Megaman is an extremely interesting character, for a couple reasons. While initially it wouldn’t seem like a simple platformer character would have much depth, if you take a closer look, you realize that Megaman is a really interesting individual. He’s a self-aware humanoid robot, tasked, for the most part, with destroying other self-aware (and non-sentient) machines and robots, bent on causing harm to humanity. For any sentient being, that’s going to cause at least a bit of an inner conflict. War leaves no one unscathed. In Megaman’s case, however, it goes beyond just the difficulties of war.
Here’s the thing: Megaman was created. Like, built. His “father,” Dr. Light, is also basically the equivalent of his god (if he were to worship a deity). He was created, body and soul (if sentient robots have such a thing), completely from scratch to fit the whims of a brilliant inventor. This inventor, in designing his “son,” also made a conscious decision to turn one of his arms into a gun.

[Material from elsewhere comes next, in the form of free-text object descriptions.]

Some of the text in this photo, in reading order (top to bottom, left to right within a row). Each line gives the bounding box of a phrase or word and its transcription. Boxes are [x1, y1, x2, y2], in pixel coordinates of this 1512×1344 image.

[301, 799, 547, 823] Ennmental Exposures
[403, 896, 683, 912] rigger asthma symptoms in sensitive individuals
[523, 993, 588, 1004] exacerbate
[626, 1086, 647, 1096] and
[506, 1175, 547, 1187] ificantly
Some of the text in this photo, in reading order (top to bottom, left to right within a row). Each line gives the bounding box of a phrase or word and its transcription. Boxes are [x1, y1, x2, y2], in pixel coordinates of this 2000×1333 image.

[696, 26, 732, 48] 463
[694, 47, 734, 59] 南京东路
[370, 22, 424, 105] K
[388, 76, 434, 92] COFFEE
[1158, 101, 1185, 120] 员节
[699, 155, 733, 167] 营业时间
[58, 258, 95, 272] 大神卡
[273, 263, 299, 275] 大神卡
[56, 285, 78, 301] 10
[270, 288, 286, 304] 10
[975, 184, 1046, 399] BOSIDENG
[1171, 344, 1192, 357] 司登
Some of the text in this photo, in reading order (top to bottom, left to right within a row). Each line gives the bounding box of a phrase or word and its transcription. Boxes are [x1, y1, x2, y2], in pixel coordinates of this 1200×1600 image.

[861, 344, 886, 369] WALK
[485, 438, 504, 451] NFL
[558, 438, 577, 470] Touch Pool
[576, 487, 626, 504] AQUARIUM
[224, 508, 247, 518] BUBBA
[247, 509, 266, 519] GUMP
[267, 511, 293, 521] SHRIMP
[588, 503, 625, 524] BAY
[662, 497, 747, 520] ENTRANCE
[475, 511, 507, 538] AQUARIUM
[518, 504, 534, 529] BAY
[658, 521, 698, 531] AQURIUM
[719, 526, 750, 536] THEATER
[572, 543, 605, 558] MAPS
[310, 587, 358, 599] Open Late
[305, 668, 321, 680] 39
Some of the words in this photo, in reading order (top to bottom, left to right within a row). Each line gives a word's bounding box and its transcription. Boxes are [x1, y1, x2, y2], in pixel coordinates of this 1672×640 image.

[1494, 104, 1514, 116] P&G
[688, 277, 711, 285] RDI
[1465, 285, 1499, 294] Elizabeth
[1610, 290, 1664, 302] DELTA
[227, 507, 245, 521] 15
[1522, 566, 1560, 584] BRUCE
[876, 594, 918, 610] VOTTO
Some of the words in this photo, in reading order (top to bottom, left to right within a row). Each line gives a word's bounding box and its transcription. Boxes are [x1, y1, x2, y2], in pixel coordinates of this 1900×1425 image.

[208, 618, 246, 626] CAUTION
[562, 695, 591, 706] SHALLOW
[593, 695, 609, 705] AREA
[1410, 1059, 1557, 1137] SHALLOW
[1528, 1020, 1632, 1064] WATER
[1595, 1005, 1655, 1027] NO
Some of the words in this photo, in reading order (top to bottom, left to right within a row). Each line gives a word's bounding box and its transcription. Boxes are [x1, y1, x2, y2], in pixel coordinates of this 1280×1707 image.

Take a moment and think on that. We interact with the world mostly through our hands, and Dr. Light, having made Megaman in his image, chose to make a full 50% of his son’s interactive capabilities based on killing and destroying things. Granted, various later forms of Megaman (X, .exe, etc.) have the ability to shift their arm cannon back into a hand when they’re not shooting, but that’s still crazy. Megaman was literally created for war.
Now, Dr. Light could have chosen to not give Megaman sentience. You can make a pretty darn autonomous war machine without having to give it a mind and self-awareness. But instead, Dr. Light built his son for war, granted him a mind to consider all this, and then sent him out into the teeth of the world. Honestly, that’s a little messed up.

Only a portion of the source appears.